Specialist printers and stationers will be able to help you design and co-ordinate all items of your stationery and set just the right tone for your special day.
Traditionally the bride's parents send out the invitations. Nowadays, it is more likely that the couple sends them out.
So, don't be afraid to be creative, especially if you are planning an unusual ceremony or reception, use your invitations to set the scene.
Order your invitations at least six months before your wedding, earlier if your wedding is at a busy time of the year. Always ask for a proof to check prior to printing to make sure all the details are correct. Make it clear on the invitation who is invited and what part of the day you would like them to attend — the ceremony and the reception, or the evening celebrations only. This is made easier if you have separate day and evening invitations printed. You may also want to indicate the dress code, i.e. if evening dress is required the words "Black Tie" should appear in the bottom right hand corner. Alternatively, you may want to encourage evening guests to participate in a theme and dress accordingly.
The situation regarding not inviting children can be tricky. Many parents will assume that your invitation includes their small children. To save any embarrassment you could telephone people before sending out the invitation or, you could include a short personal note saying, "Much as we'd like to invite the children of all our friends, it is only possible to accommodate the children of close family". If you are inviting small children and you have made special arrangements for entertainment, a bouncy castle for example, you may want to advise parents when you send out your invitation so they bring along appropriate clothing. Avoid addressing your invitations to "John, Janet and family", if they have teenage children they might turn up with their girl/boyfriends, too. Remember to send invitations to both sets of parents and to your attendants. It is also courteous to invite the celebrant. If you have relatives you know cannot attend, the elderly for instance, it is a nice gesture to still send an invitation — but don't include them on your guest list. Order 10% extra invitations to allow for any mistakes or to invite last minute guests.

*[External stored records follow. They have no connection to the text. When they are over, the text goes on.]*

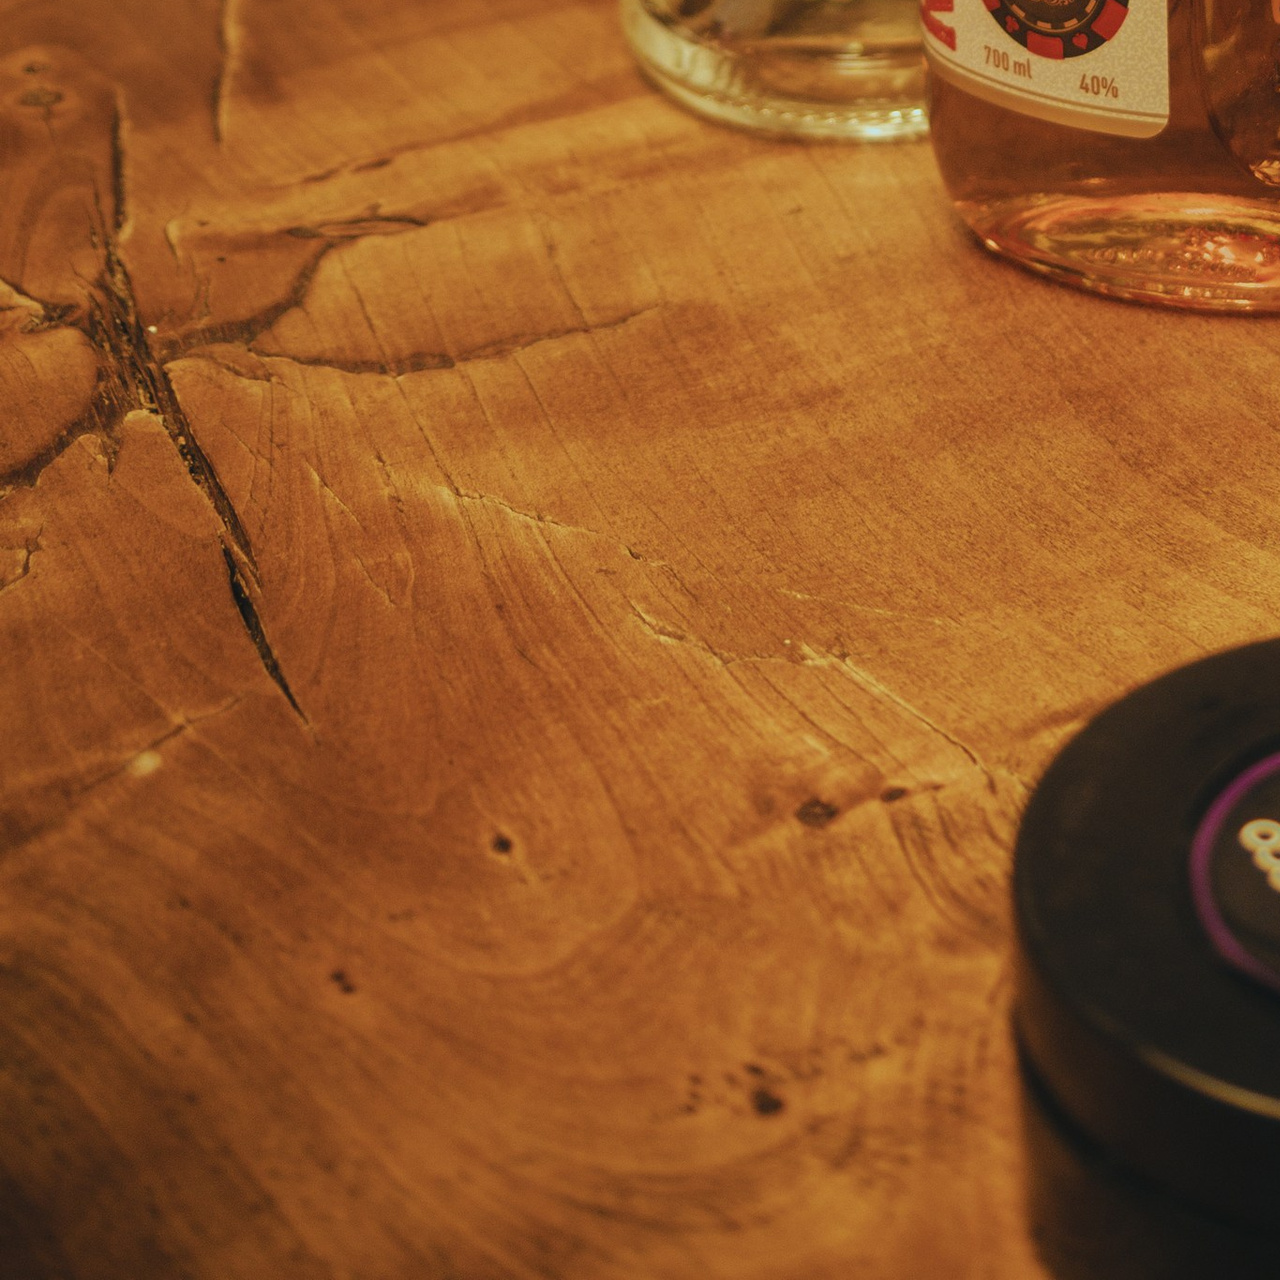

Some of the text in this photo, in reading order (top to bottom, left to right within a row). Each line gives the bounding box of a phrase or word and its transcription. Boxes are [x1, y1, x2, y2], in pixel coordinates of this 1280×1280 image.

[984, 44, 1119, 99] 700 ml 40%
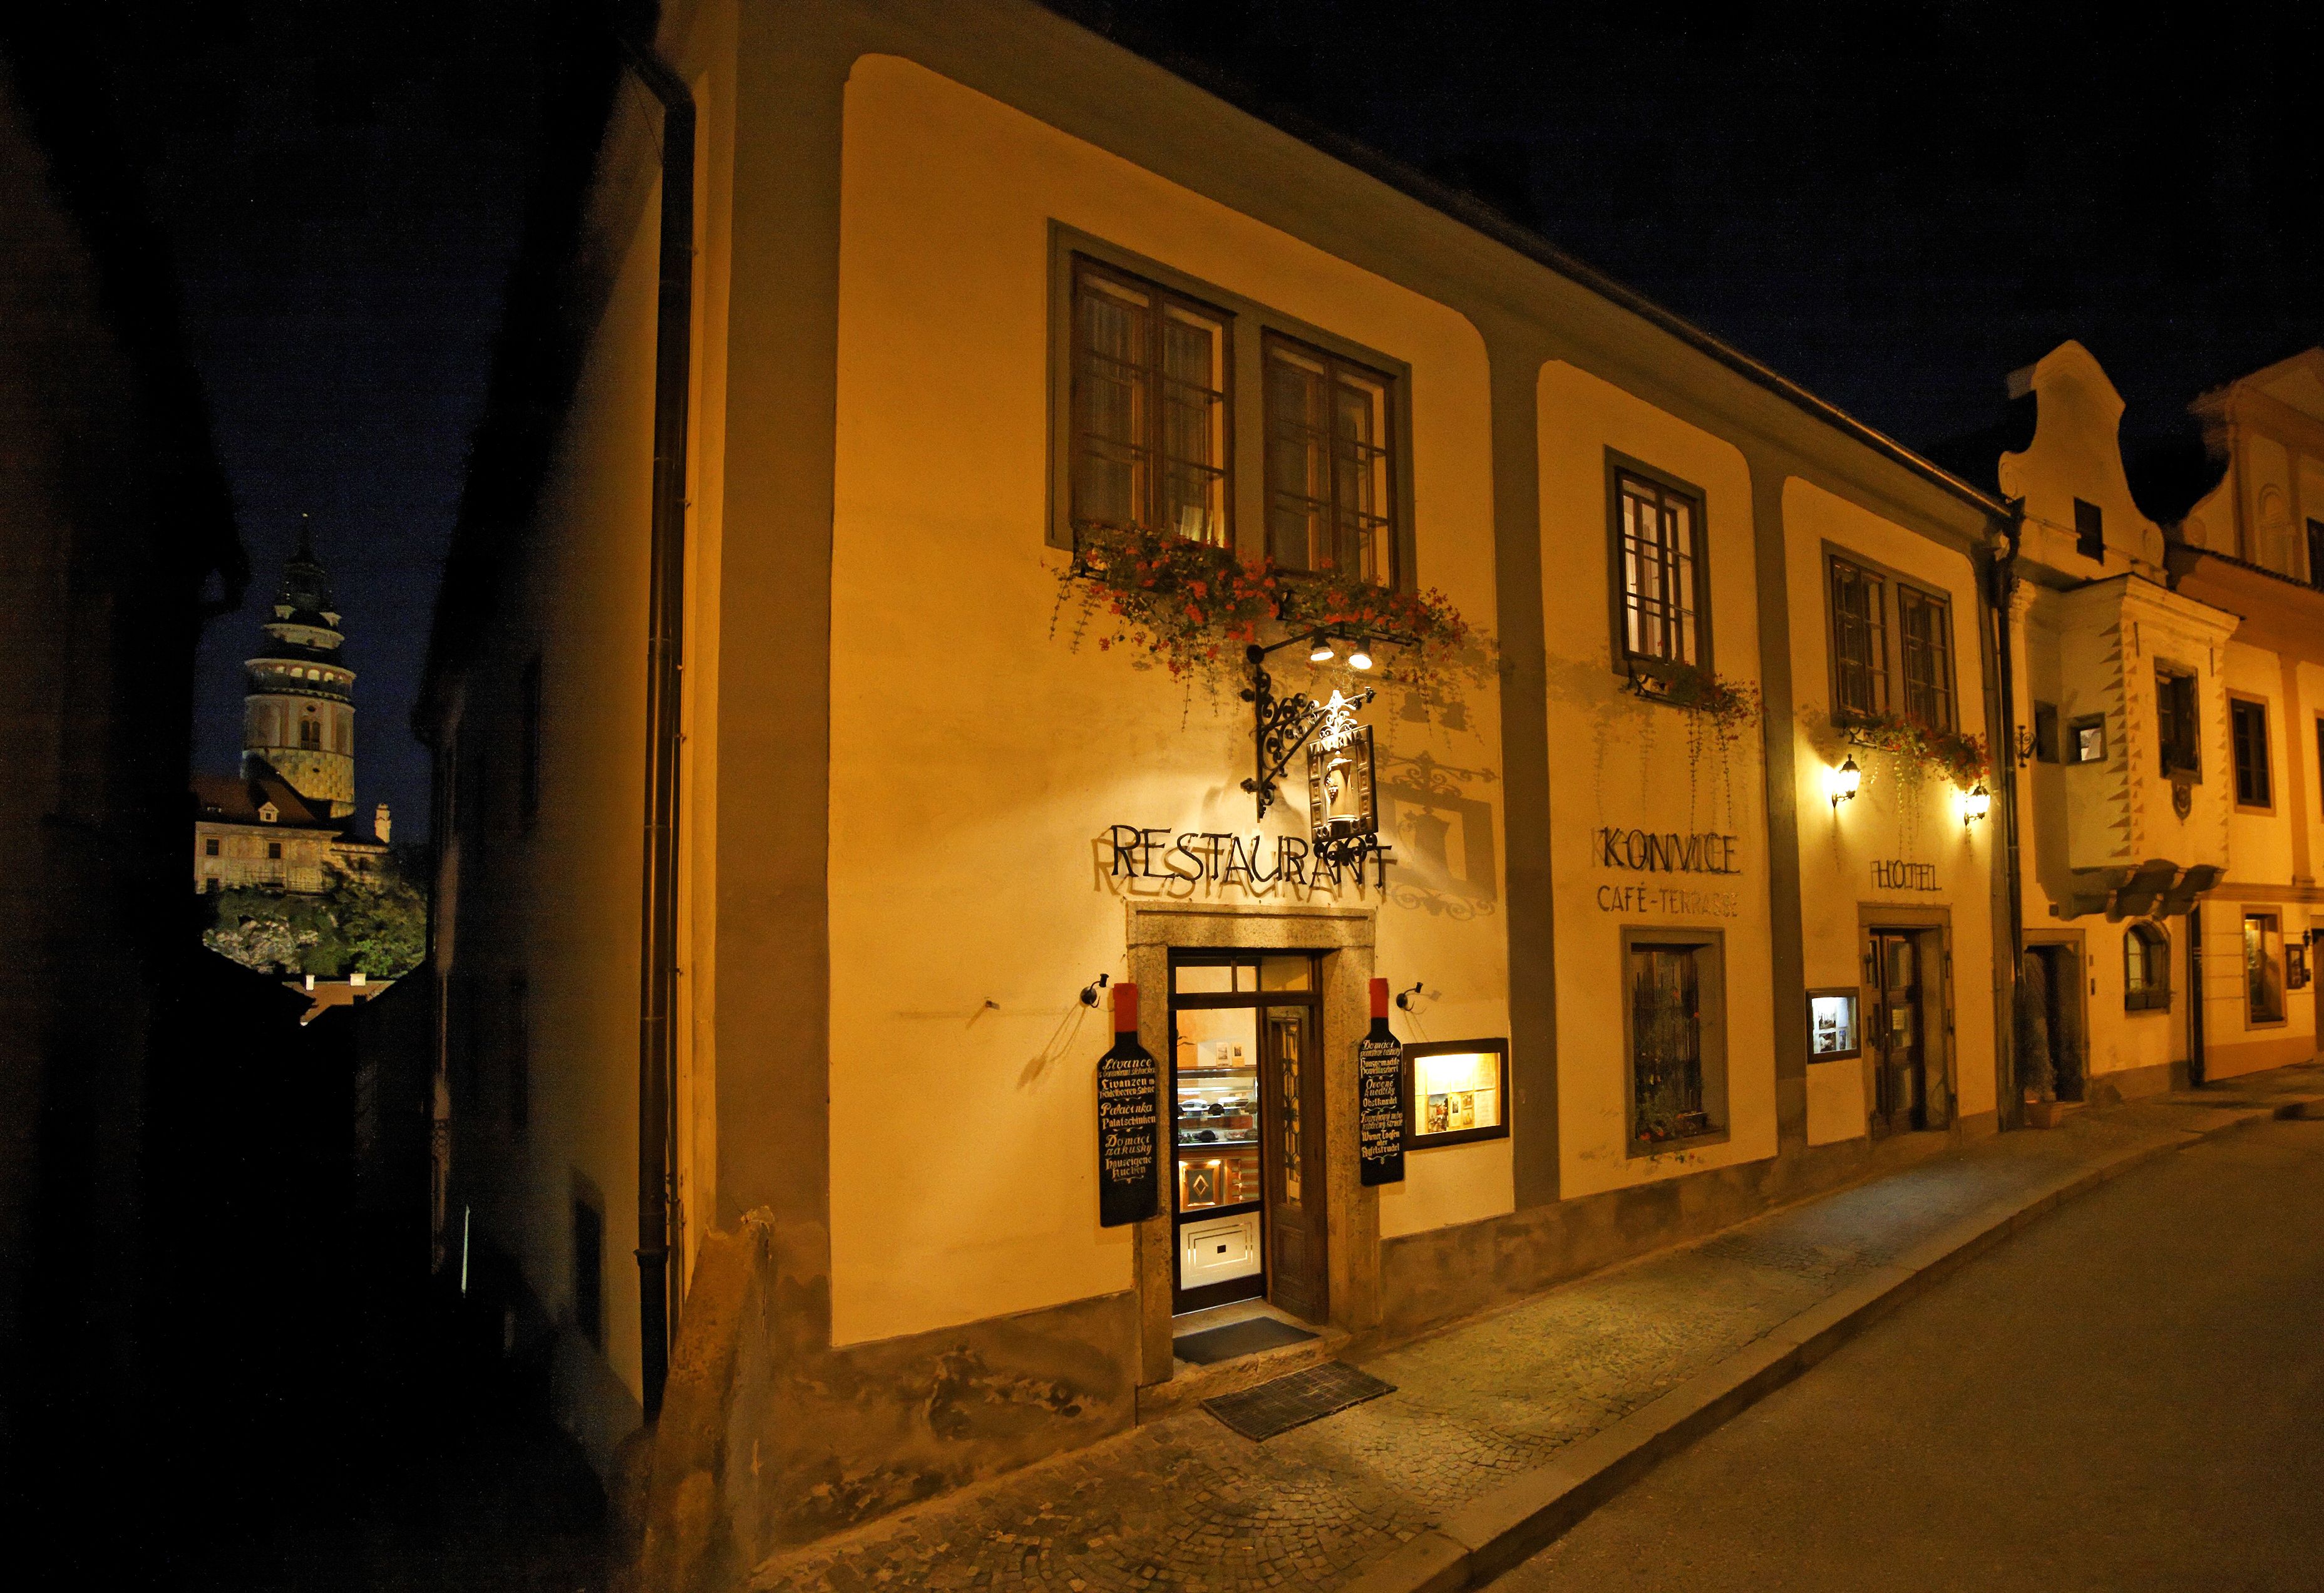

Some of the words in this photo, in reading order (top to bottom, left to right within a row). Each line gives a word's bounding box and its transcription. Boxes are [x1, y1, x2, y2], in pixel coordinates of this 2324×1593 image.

[1111, 825, 1392, 888] RESTAURANT
[1600, 826, 1741, 874] KONVICE
[1877, 859, 1942, 890] HOTEL

Send all your invitations at the same time. Include a stamped addressed reply card and indicate a RSVP date for responses.

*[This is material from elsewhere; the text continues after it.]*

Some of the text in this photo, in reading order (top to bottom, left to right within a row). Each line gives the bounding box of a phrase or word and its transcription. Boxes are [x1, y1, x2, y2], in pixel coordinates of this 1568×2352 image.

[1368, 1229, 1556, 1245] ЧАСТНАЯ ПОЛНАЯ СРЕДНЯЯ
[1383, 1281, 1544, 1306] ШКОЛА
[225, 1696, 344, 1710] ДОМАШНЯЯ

You may also want to include directions from the ceremony to the reception, a note asking for any special dietary requirements, hotel or accommodation details for guests staying overnight, and your gift list. (Though sending the gift list is standard practice now, it may be more fitting to wait until it is requested, especially if it's a second marriage). By ordering and writing out your "thank you" cards at the same time will save you time searching round for addresses at a later stage. (If your gift list was organised through a gift registry at a store, be specific about the gift you received — the store may have made a mistake.) The beautifully scripted handwriting of a calligrapher will make your invitations look very impressive!
Reception stationery includes: place cards, serviettes, menus, cake boxes, a book for your guests to sign, all of which can be co-ordinated to your theme. Your "thank you" cards could be your favourite wedding photograph made into a card. (If your wedding day is during the school holidays, you might like to have "Save the Date" cards printed to send to special guests as soon as you have set the date so they don't arrange their holidays and miss your wedding.)